A. melanoxylon has been popular as an ornamental timber. The heartwood is attractively coloured, strong, close-grained, dresses well and is widely used for furniture and cabinet work. However trunks are often limited in size and supply as almost all the larger trees have now been removed. It also makes a good fuel.

Three mistletoes have been recorded on A. melanoxylon. There is a single record of Lysiana exocarpi and many more, but almost equal, numbers of Amyema preissii, wire-leaved mistletoe and Amyema pendulum, drooping mistletoe, more often found on Eucalyptus.

A. melanoxylon has been very successful in South Africa, Ross (1975) where it is now established in several provinces. Like A. cyclops and A. saligna it is also invading and displacing indigenous vegetation. It is locally established in southern Europe and occasionally established in California. A. melanoxylon is now naturalised in New Zealand, Webb et al. (1988).

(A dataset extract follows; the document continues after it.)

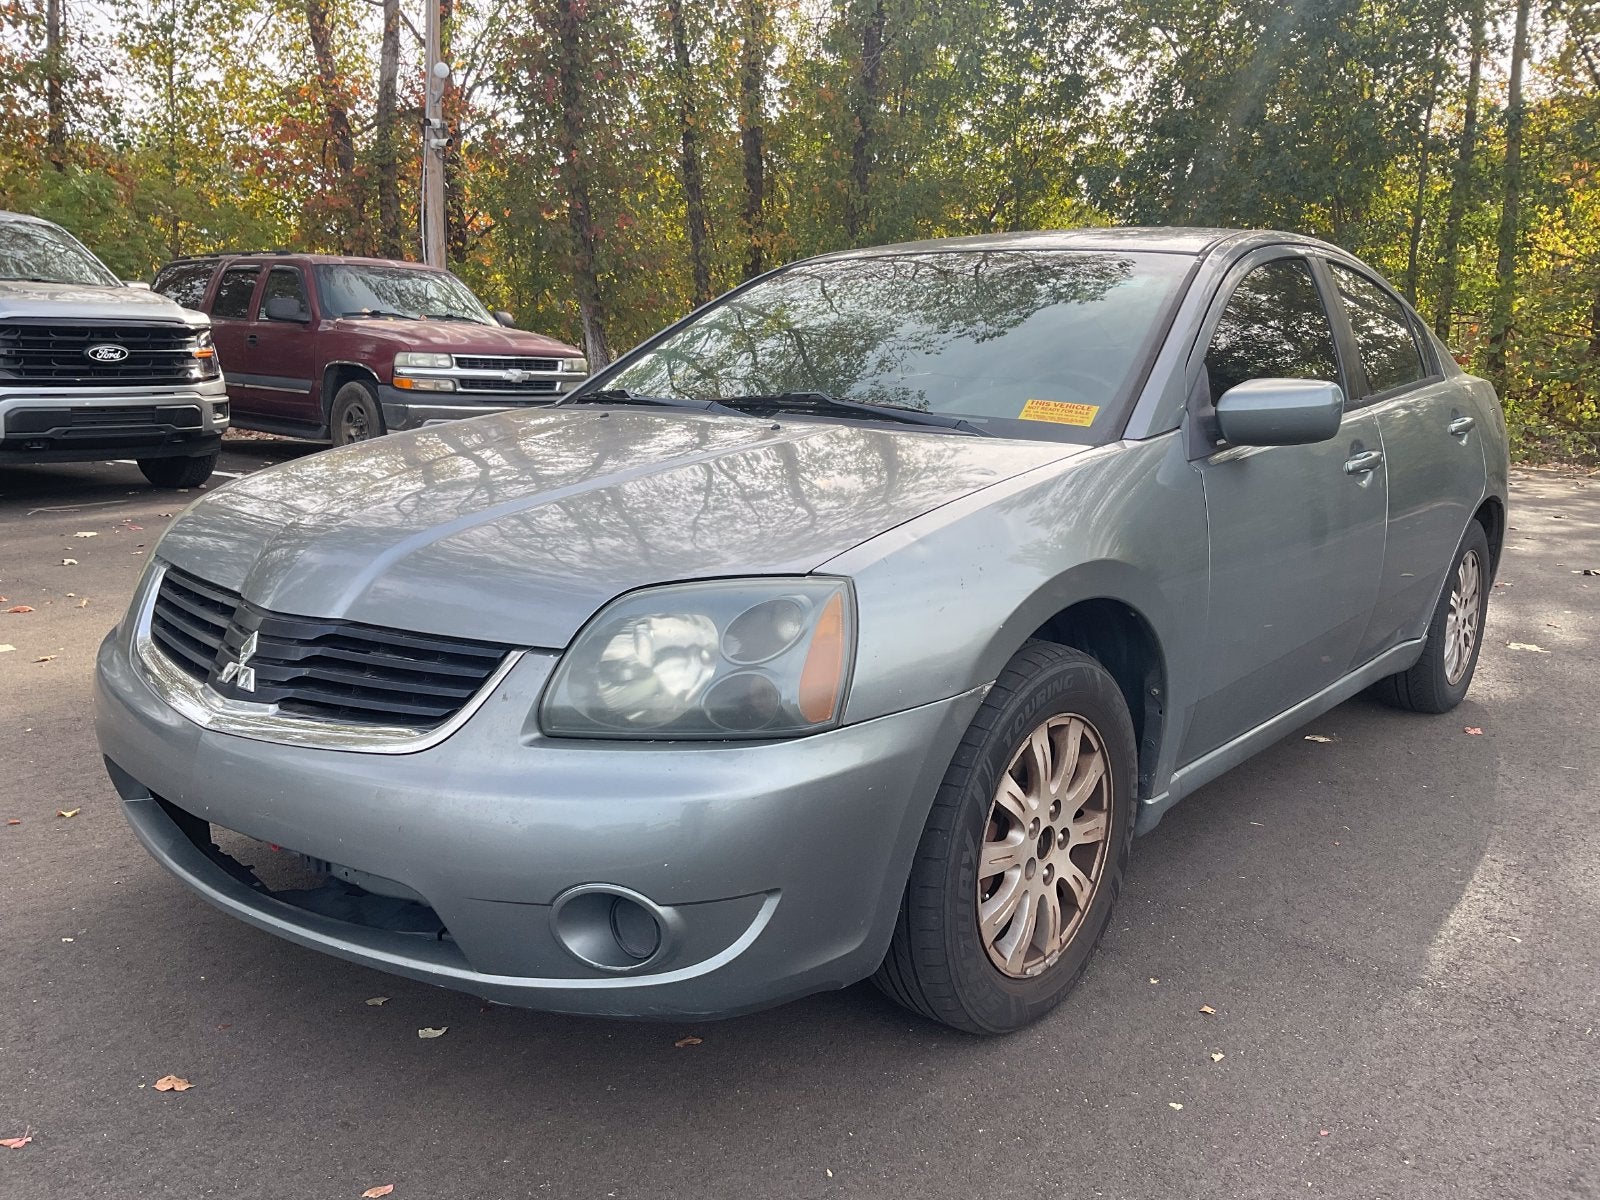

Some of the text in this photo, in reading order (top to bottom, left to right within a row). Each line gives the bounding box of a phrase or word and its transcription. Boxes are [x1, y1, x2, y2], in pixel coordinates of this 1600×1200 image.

[96, 348, 121, 359] Ford
[1053, 402, 1093, 412] VEHICLE
[1003, 674, 1074, 748] TOURING

A. melanoxylon is included in Boland et al. (1984) 'Forest Trees of Australia' where a description, illustration and a map are given.

Two trees of A. melanoxylon in cultivation in the Waite Arboretum lived for 30 and 32 years.

Cultivation: An attractive tree with a dense crown and shapely habit suitable as an ornamental and as a shade tree in cool mountainous climates where the soil is rich, loamy and acid. Blackwood has also been planted in a number of overseas countries. A moderate growth rate.